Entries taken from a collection
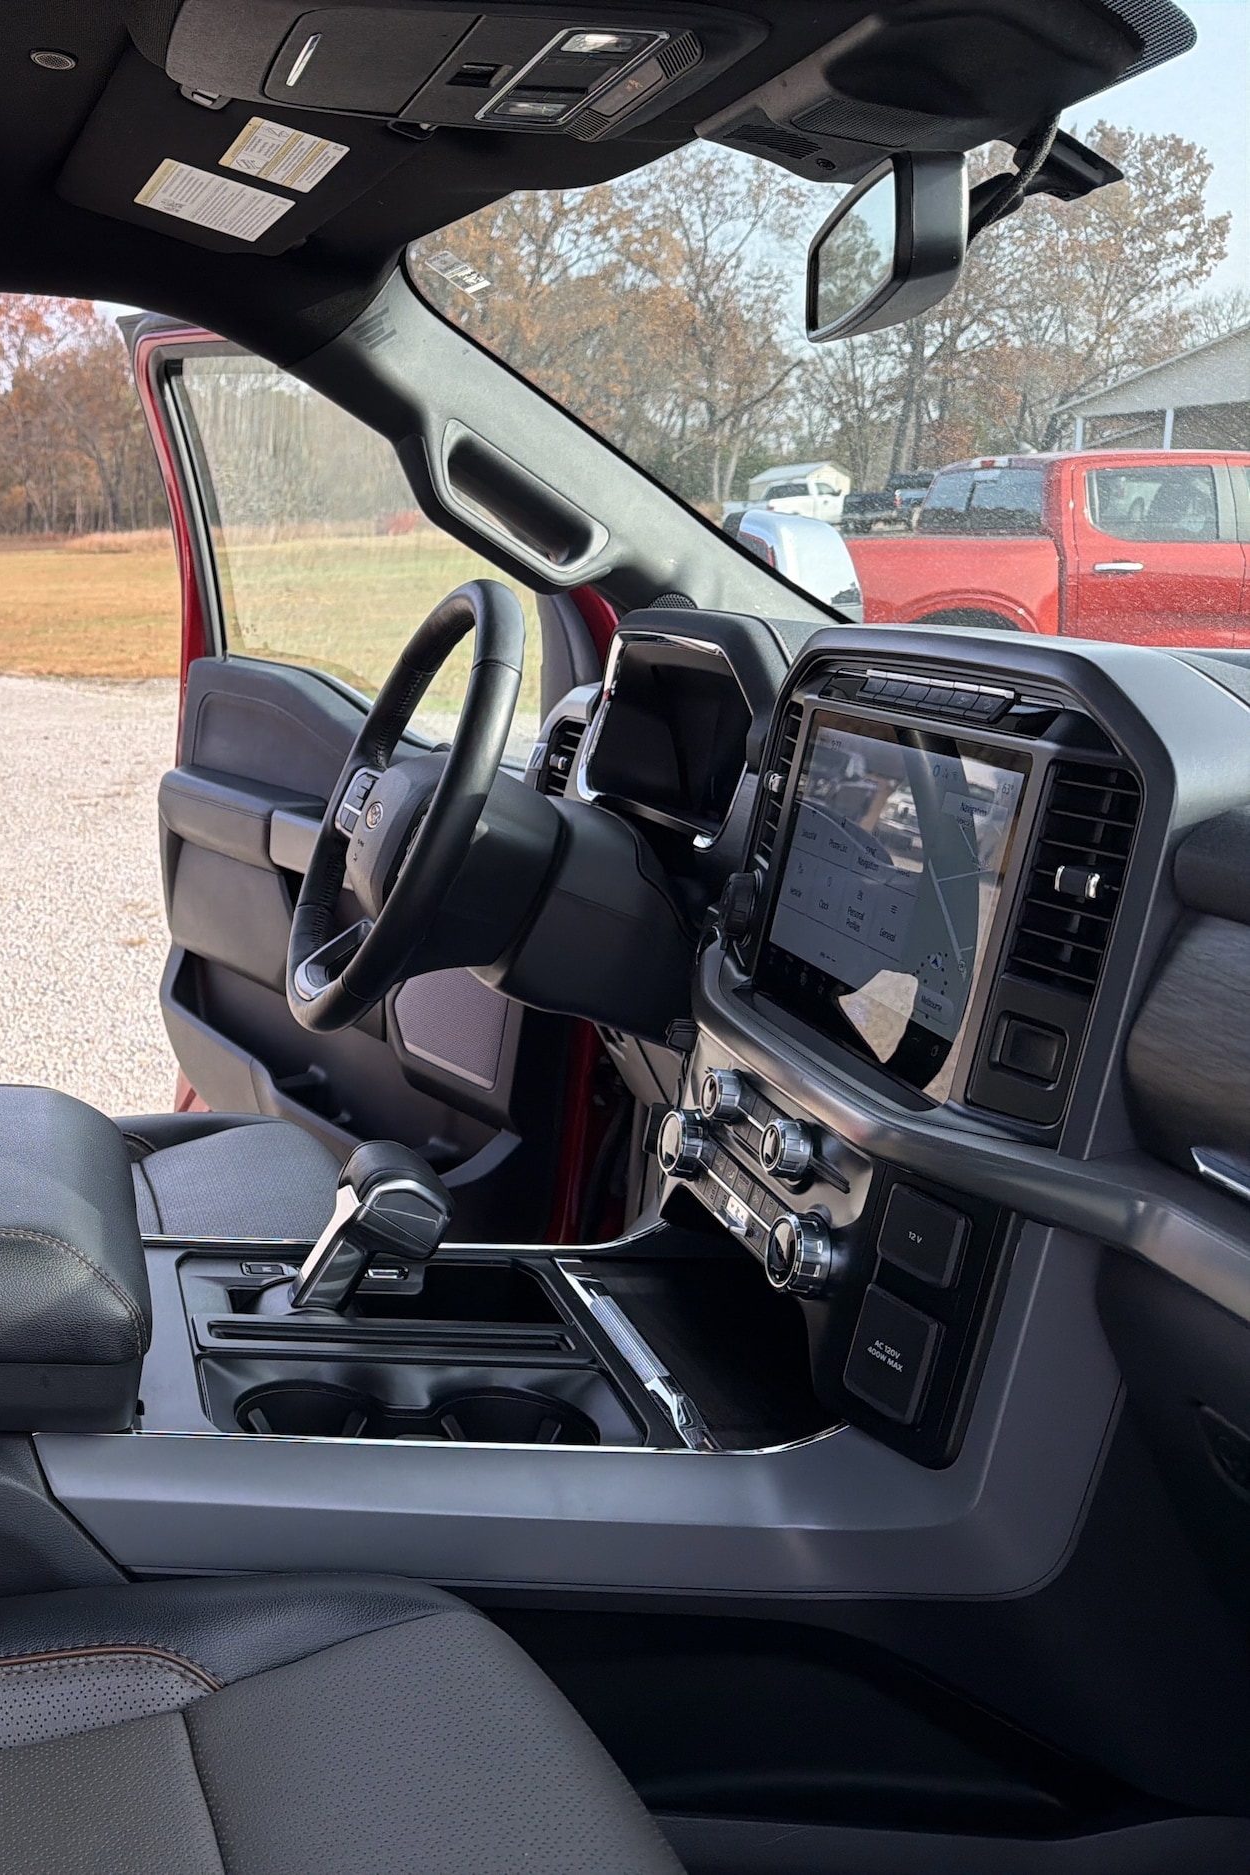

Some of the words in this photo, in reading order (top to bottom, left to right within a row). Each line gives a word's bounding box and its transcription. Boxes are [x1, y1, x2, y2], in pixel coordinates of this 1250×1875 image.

[879, 927, 896, 942] General
[867, 1346, 887, 1361] 400W
[887, 1358, 903, 1372] MAX
[874, 1340, 884, 1350] AC
[884, 1345, 901, 1359] 120V
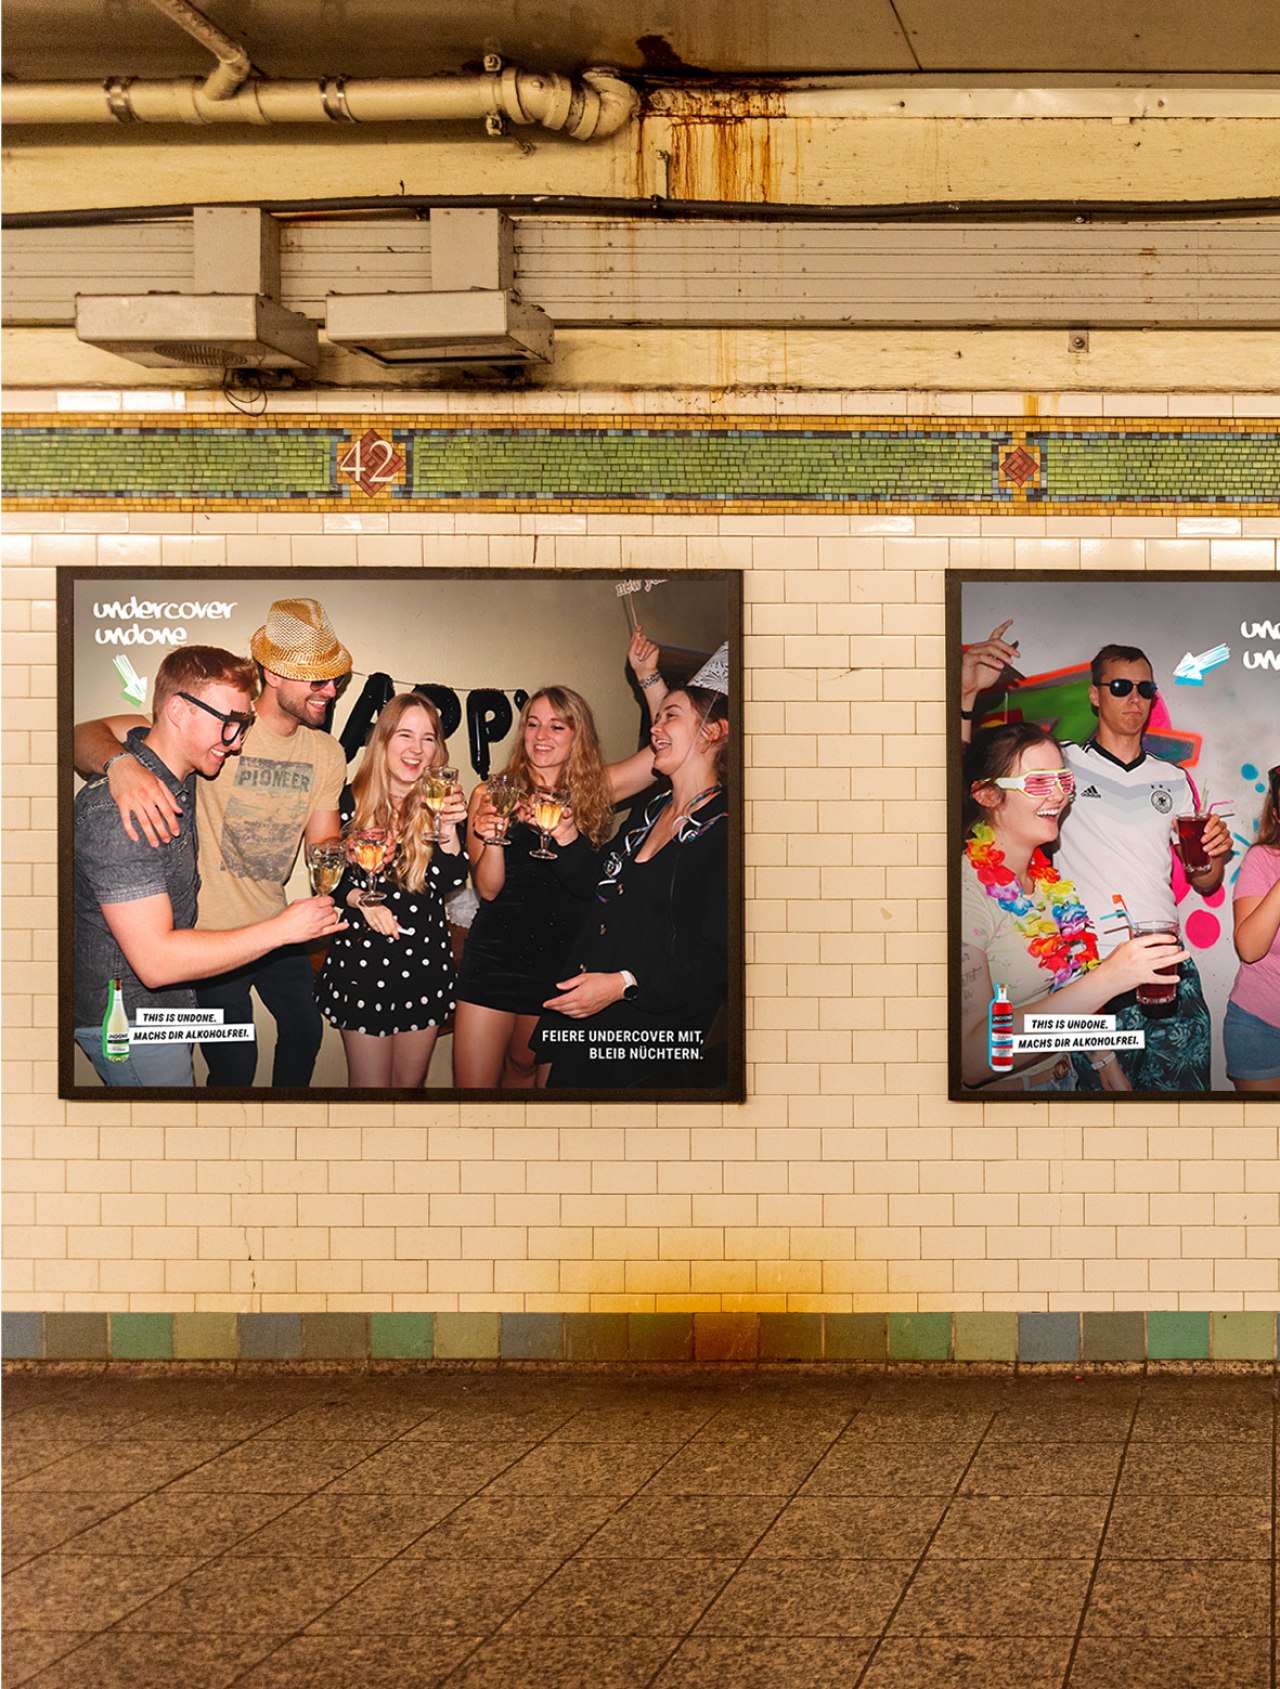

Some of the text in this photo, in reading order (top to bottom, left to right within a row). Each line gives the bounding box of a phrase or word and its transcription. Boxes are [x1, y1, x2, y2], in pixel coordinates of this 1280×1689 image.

[340, 440, 394, 482] 42
[93, 596, 238, 620] undercover
[95, 624, 188, 646] undone
[238, 769, 311, 792] PIONEER
[143, 1013, 217, 1023] THIS IS UNDONE.
[1031, 1019, 1109, 1030] THIS IS UNDONE.
[133, 1029, 250, 1041] MACHS DIR ALKOHOLFREI.
[542, 1030, 704, 1045] FEIERE UNDERCOVER MIT,
[1018, 1036, 1139, 1049] MACHS DIR ALKOHOLFREI.
[589, 1045, 703, 1060] BLEIB NÜCHTERN.
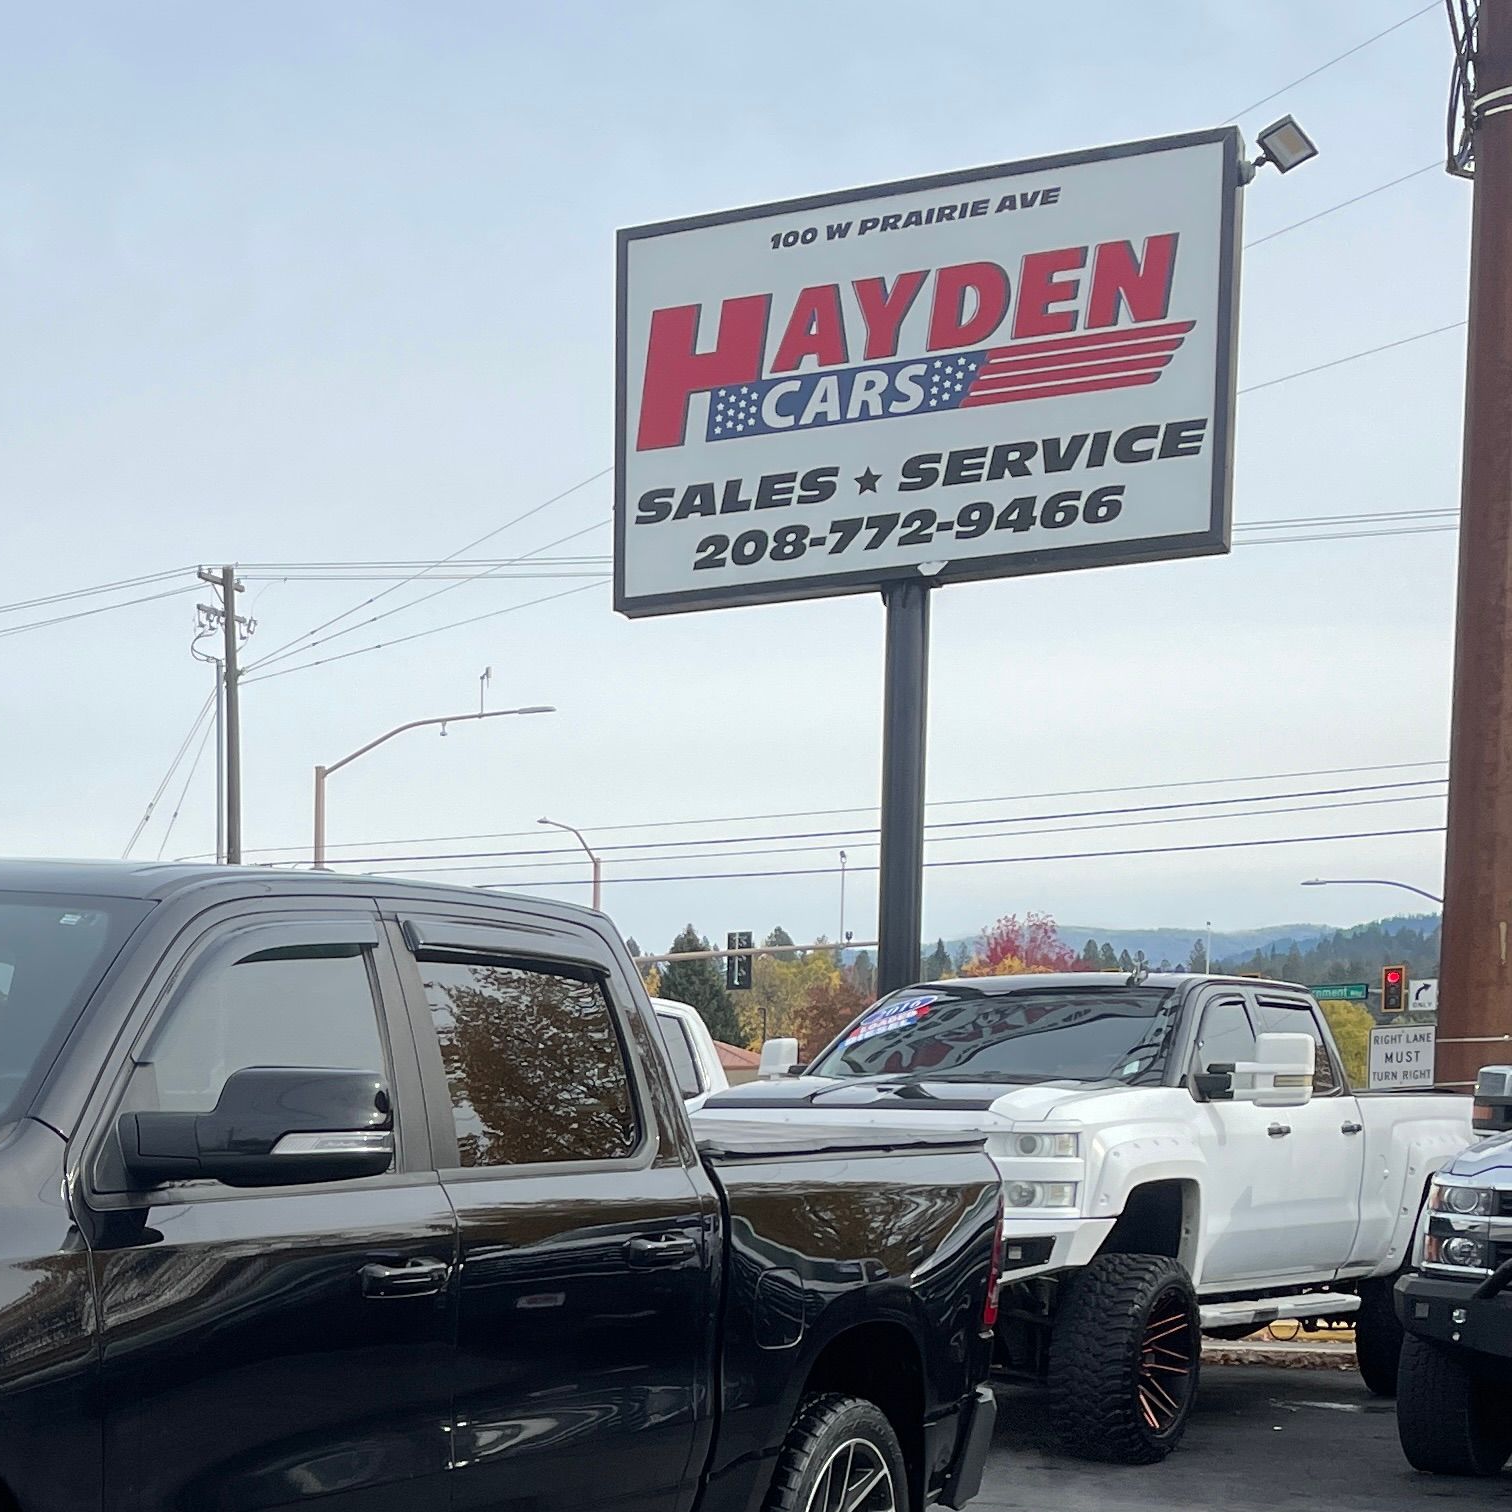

__PROBLEM TO SOLVE__
Go through the entries above and output them exactly, without pictures.

__RESULT OF THIS TASK__
Some of the words in this photo, in reading order (top to bottom, left to right within a row). Each line gives a word's bounding box and its transcription. Boxes are [x1, y1, x2, y2], in pixel coordinates of this 1250×1875 image.

[879, 927, 896, 942] General
[867, 1346, 887, 1361] 400W
[887, 1358, 903, 1372] MAX
[874, 1340, 884, 1350] AC
[884, 1345, 901, 1359] 120V

Some of the text in this photo, in reading order (top to bottom, left to right within a row). Each line gives the bounding box of a phrase or word and its transcription. Boxes are [x1, y1, x2, y2], in pixel coordinates of this 1280×1689 image.

[340, 440, 394, 482] 42
[93, 596, 238, 620] undercover
[95, 624, 188, 646] undone
[238, 769, 311, 792] PIONEER
[143, 1013, 217, 1023] THIS IS UNDONE.
[1031, 1019, 1109, 1030] THIS IS UNDONE.
[133, 1029, 250, 1041] MACHS DIR ALKOHOLFREI.
[542, 1030, 704, 1045] FEIERE UNDERCOVER MIT,
[1018, 1036, 1139, 1049] MACHS DIR ALKOHOLFREI.
[589, 1045, 703, 1060] BLEIB NÜCHTERN.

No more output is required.